I accept to a degree what the Minister says about the four directors of health and social care. Of course, we on these Benches welcome any gathering together of health and social care. Indeed, I recall putting forward amendments to numerous Bills introduced in this House providing precisely that, rather than the partnership arrangements first proposed by the Government in the Health Act 1999. We argued strongly for integration. It was delightful that two years later the Government put forward proposals for care trusts which we supported. It goes with the grain of our thinking.
However, the four directors of health and social care who fit into no known region are to take a strategic view without relating to any set of organisations. Yet within the structure of the NHS they are also accountable to the chief executive. That is another layer of management. No doubt the Minister sees it somewhat differently.

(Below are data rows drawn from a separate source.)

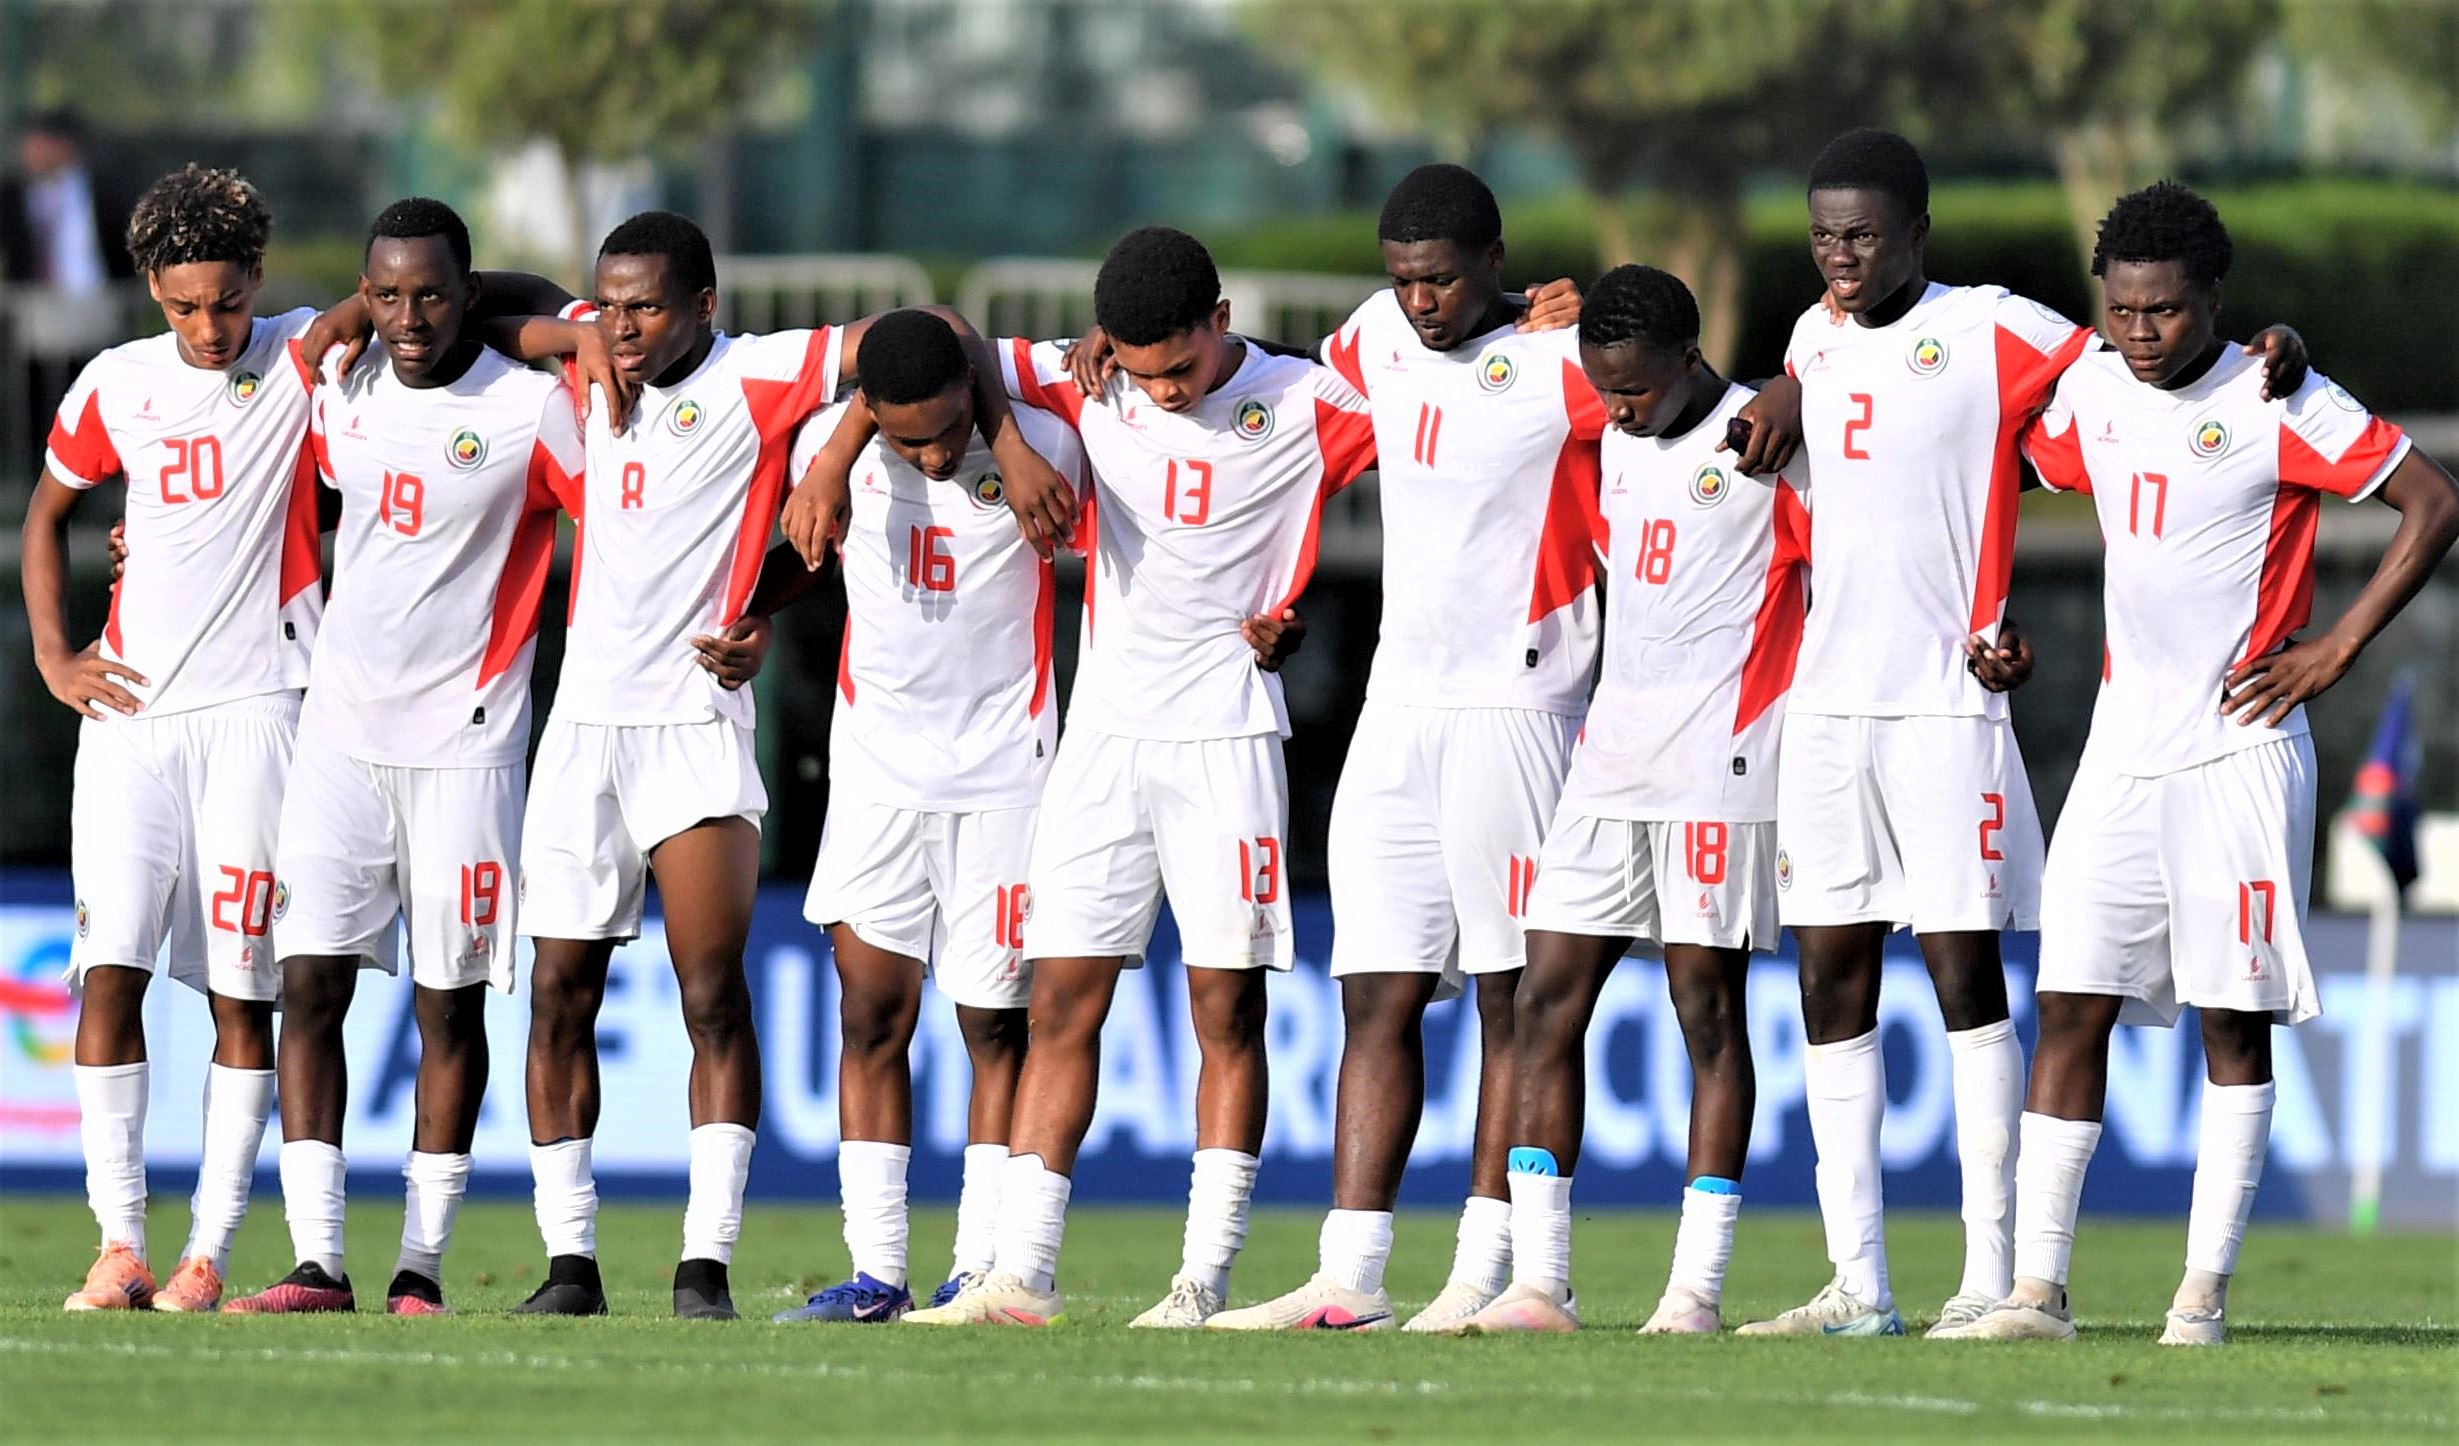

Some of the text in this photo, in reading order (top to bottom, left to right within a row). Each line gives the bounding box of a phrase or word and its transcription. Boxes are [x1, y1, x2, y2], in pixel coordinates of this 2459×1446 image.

[1413, 402, 1443, 469] 11
[1843, 392, 1873, 460] 2
[159, 434, 225, 505] 20
[621, 461, 646, 510] 8
[1163, 459, 1213, 526] 13
[380, 470, 425, 537] 19
[2129, 472, 2169, 540] 17
[909, 526, 956, 592] 16
[1634, 518, 1677, 586] 18
[1684, 821, 1728, 885] 18
[1979, 792, 2004, 861] 2
[212, 864, 275, 937] 20
[460, 861, 503, 927] 19
[1238, 837, 1279, 905] 13
[1508, 854, 1534, 920] 11
[2238, 880, 2276, 947] 17
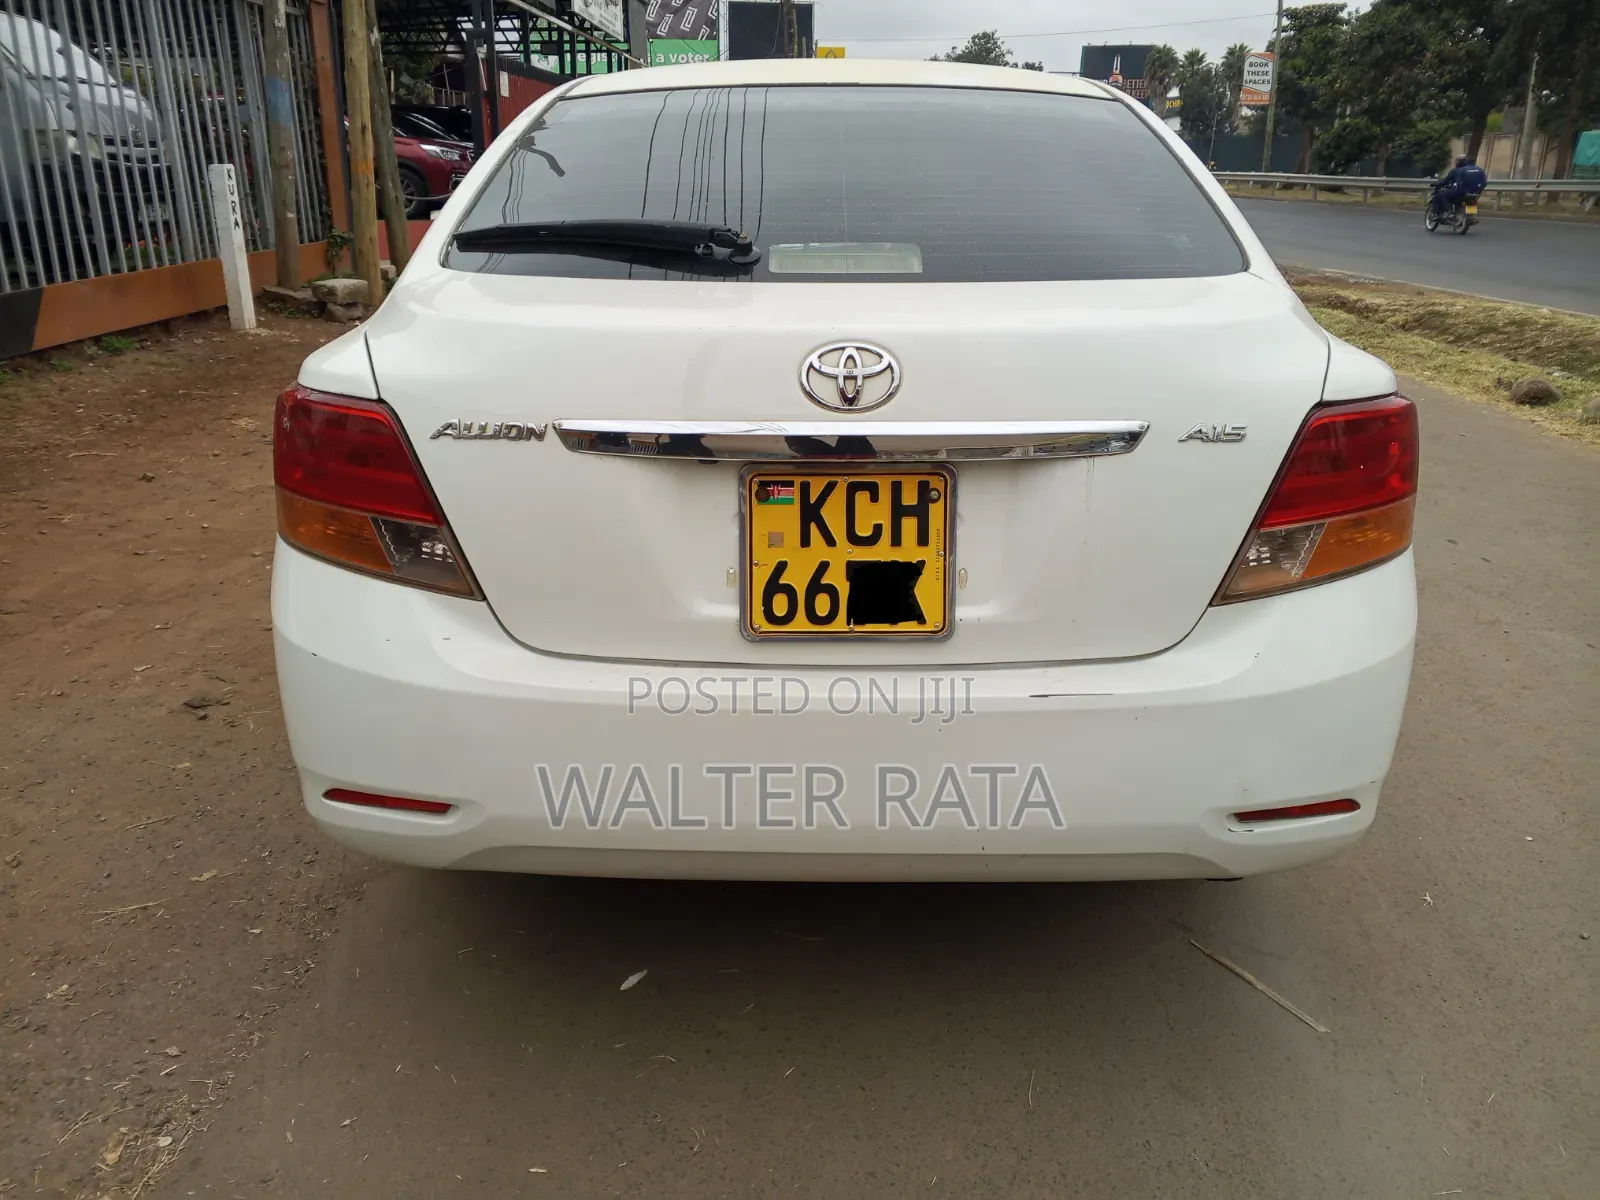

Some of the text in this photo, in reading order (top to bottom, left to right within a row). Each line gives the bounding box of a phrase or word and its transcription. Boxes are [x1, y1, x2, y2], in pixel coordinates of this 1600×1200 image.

[656, 53, 665, 63] a
[668, 51, 710, 64] voter
[226, 168, 241, 231] KURA
[429, 416, 549, 442] ALLION
[1178, 422, 1248, 443] A15
[800, 480, 930, 549] KCH
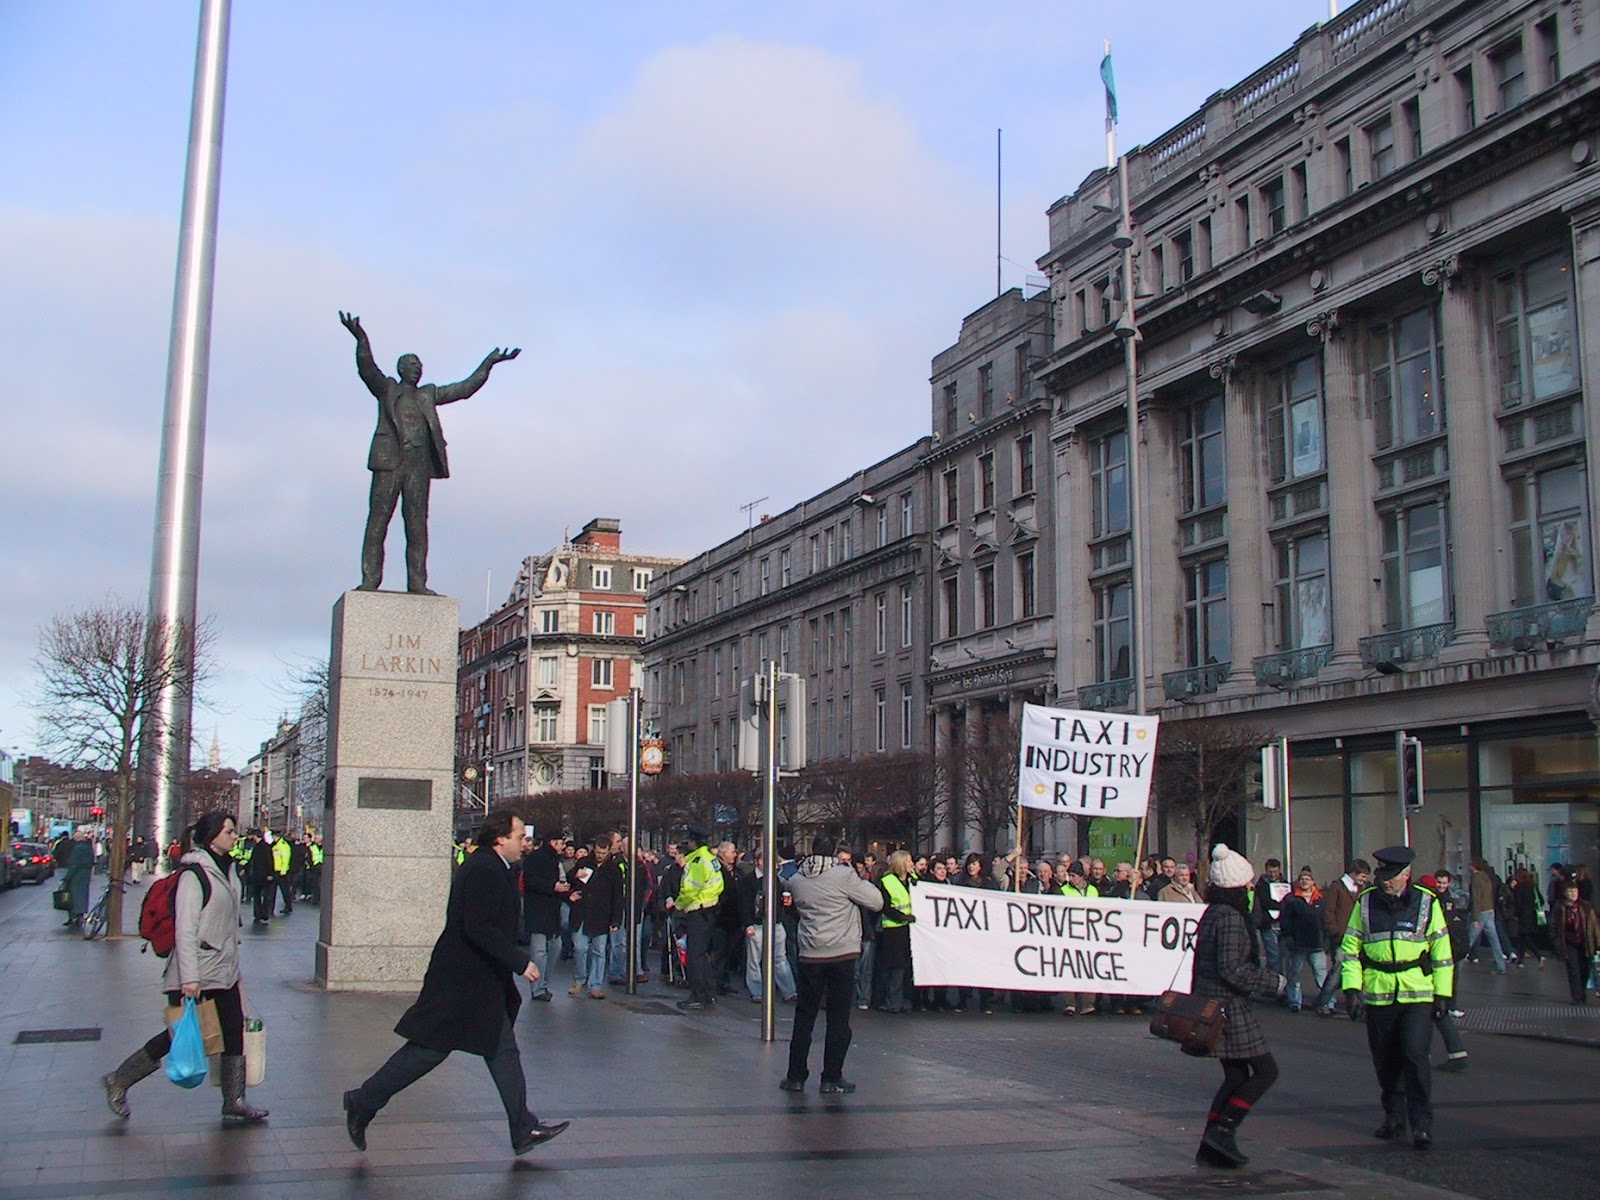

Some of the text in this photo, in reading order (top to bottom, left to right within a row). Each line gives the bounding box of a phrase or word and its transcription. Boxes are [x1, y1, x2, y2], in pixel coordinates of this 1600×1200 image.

I believe that the strategic health authorities will not be strong enough to withstand micromanagement from the centre. That is the key argument. If regional authorities are properly staffed, with properly specialised skills, one will have people of sufficient seniority and expertise to pursue robustly policy in health services in their areas and at the same time to resist micromanagement from the centre.
The government proposals are unsatisfactory. This debate has been an opportunity to hear the Minister's enormous confidence about the new structure. For that I am grateful. I beg leave to withdraw the amendment.
Amendment, by leave, withdrawn.
[Amendments Nos. 16 to 28 not moved.]
Earl Howe moved Amendment No. 29:
The noble Earl said: I can deal briefly with the amendment and speak to Amendment No. 34.
In two places, the clause has a plural verb with a single subject. My suggestion to the Committee is that we correct the syntax. I beg to move.
Lord Hunt of Kings Heath: It is an enormously important amendment. I am advised that there are different views as to whether a body which consists of a number of persons should be treated as singular or plural. For example, some people say "the Government is" and others "the Government are". Neither is wrong; it is a question of style. The important point here is that Clause 1 amends existing legislation: the National Health Service Act 1977. The 1977 Act refers throughout to a health authority as a plural body. For instance, Section 16C(1) states:
Section 8(4)(d) states that the Secretary of State may by order change the name by which a health authority are known. The wording in the current Bill follows the same convention in the Act we are amending. I hope that the noble Earl feels that that is a satisfactory explanation.